The AGs represented by the twin sisters, Yarona and Neo Sharps argued that it would be illogical for the government to start rolling out Highly Active Antiretroviral Therapy (HAART), while at the same time the government appealed the decision and was awaiting a roll call of July where the matter would be decided once and for all.
The AGs further argued that at the moment the government was not financially apt to roll out such lifesaving medication because it was costly and unsustainable, hence asked the respondents, Botswana Network on Ethics, Law and HIV/AIDS (BONELA) to wait for the next two months.
Yarona, who was the lead state counsel, noted that they have also brought this application under urgent motion after learning that one foreign inmate has lodged a contempt of court application that sought the permanent secretaries with the Ministries of Health and that of Defence, Justice and Security to be forced to comply with the order or otherwise face civil imprisonment.
Last year in August 22, Judge Bengbame Sechele ordered the government to provide foreign inmates with free ARVs after two Zimbabwean prisoners with the assistance of BONELA sued government for refusing to provide them with free ARVs.

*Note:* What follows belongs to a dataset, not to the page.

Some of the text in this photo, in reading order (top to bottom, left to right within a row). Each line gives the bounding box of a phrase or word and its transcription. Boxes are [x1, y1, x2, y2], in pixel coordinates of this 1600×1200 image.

In his ruling Judge Sechele agreed with the litigants that the refusal to provide them with ARVs was unconstitutional and a breach of human rights, henceforth ordered that all foreign inmates who have reached a threshold of those with CD4 count illegible for ARVs treatment should be provided.

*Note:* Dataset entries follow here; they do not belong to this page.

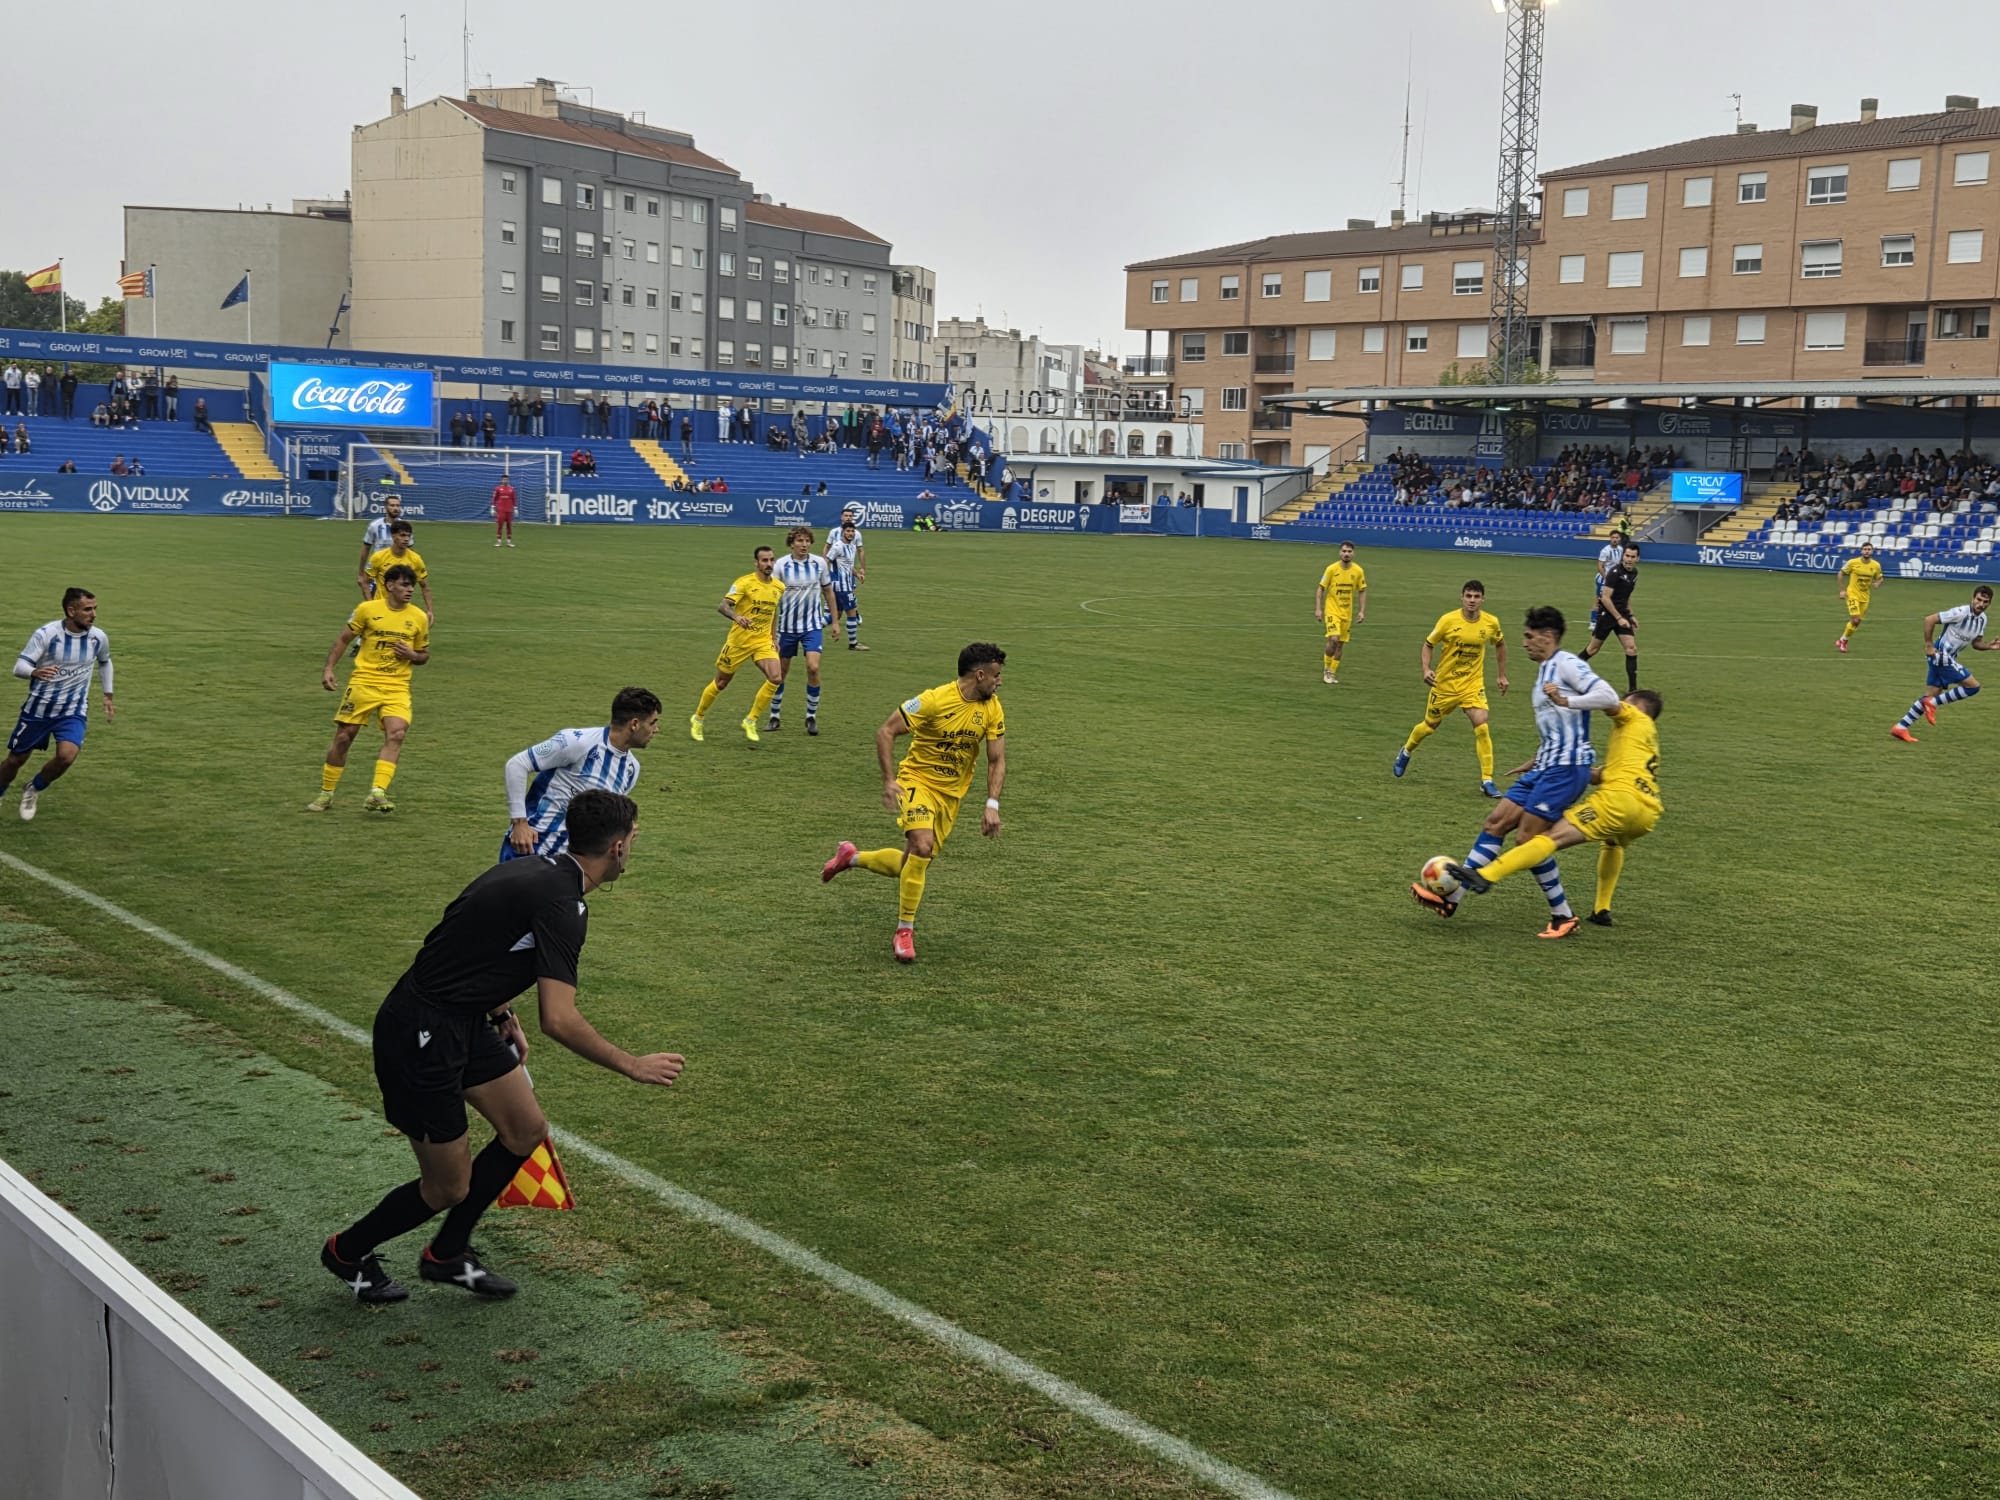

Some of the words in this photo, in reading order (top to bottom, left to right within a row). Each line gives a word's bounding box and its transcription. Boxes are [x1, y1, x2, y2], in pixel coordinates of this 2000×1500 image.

[49, 343, 81, 353] GROW
[82, 343, 100, 353] UP!
[139, 348, 169, 357] GROW
[170, 348, 188, 358] UP!
[224, 353, 254, 362] GROW
[255, 353, 271, 363] UP!
[461, 366, 488, 375] GROW
[533, 371, 558, 380] GROW
[604, 374, 628, 383] GROW
[673, 379, 697, 387] GROW
[738, 382, 761, 390] GROW
[803, 385, 825, 393] GROW
[292, 377, 413, 414] Coca-Cola
[864, 389, 886, 397] GROW
[1684, 476, 1726, 487] VERICAT
[123, 486, 190, 502] VIDLUX
[571, 494, 638, 516] netllar
[680, 502, 733, 513] SYSTEM
[756, 498, 810, 514] VERICAT
[867, 501, 902, 514] Mutua
[866, 512, 904, 522] Levante
[1021, 508, 1076, 524] DEGRUP
[1463, 536, 1493, 549] Replus
[1723, 550, 1766, 560] SYSTEM
[1786, 552, 1840, 570] VERICAT
[1923, 561, 1980, 574] Tecnovasol
[16, 722, 28, 737] 7
[906, 787, 916, 803] 7

In response attorney Tshiamo Rantao said there is no urgency on the part of this application because the government waited for seven months and only came running to the court when it learnt that an inmate has lodged a contempt of the court application after failure by the government to execute the order.
Mr Rantao said the so called urgent application was self-created purely to frustrate the application by the foreign inmate who wanted the two permanent secretaries to comply with the order and nothing else.
He said that he agreed with the state when it says the order is still enforceable but wondered why it was still procrastinating, adding that the state to take the court into its confidence by showing how it will be unable to provide AVRs instead of just saying it has no funds without proper justification or breakdown of figures.
Mr Rantao warned that further delay by the government to provide such medication was putting the lives of such inmates at risk because even in a medical practitioners REPORT in the main application has proved that and was never challenged. He contended that it would be wrong a setting a bad precedent for the court to listen to litigants whose hands are dirty and therefore said the jurisprudence of Botswana and abroad dictates that you obey the order and later argue.
Since the respondents had also filed an urgent application for contempt of court, Mr Rantao said their application was not in bad faith because BONELA had just been served with a stay of execution application and suddenly became aware that the government has not been complying with Judge Sechele’s order.
“What do you do when someone suddenly show up and informs you that he has not been honouring the court order while you yourself you were not aware?” he asked.
He maintained that once you become aware that the court order is not adhered to or complied with, the matter becomes urgent. Mr Rantao therefore said the court should treat the matter as constitutional as it borders on the right to life and dignity.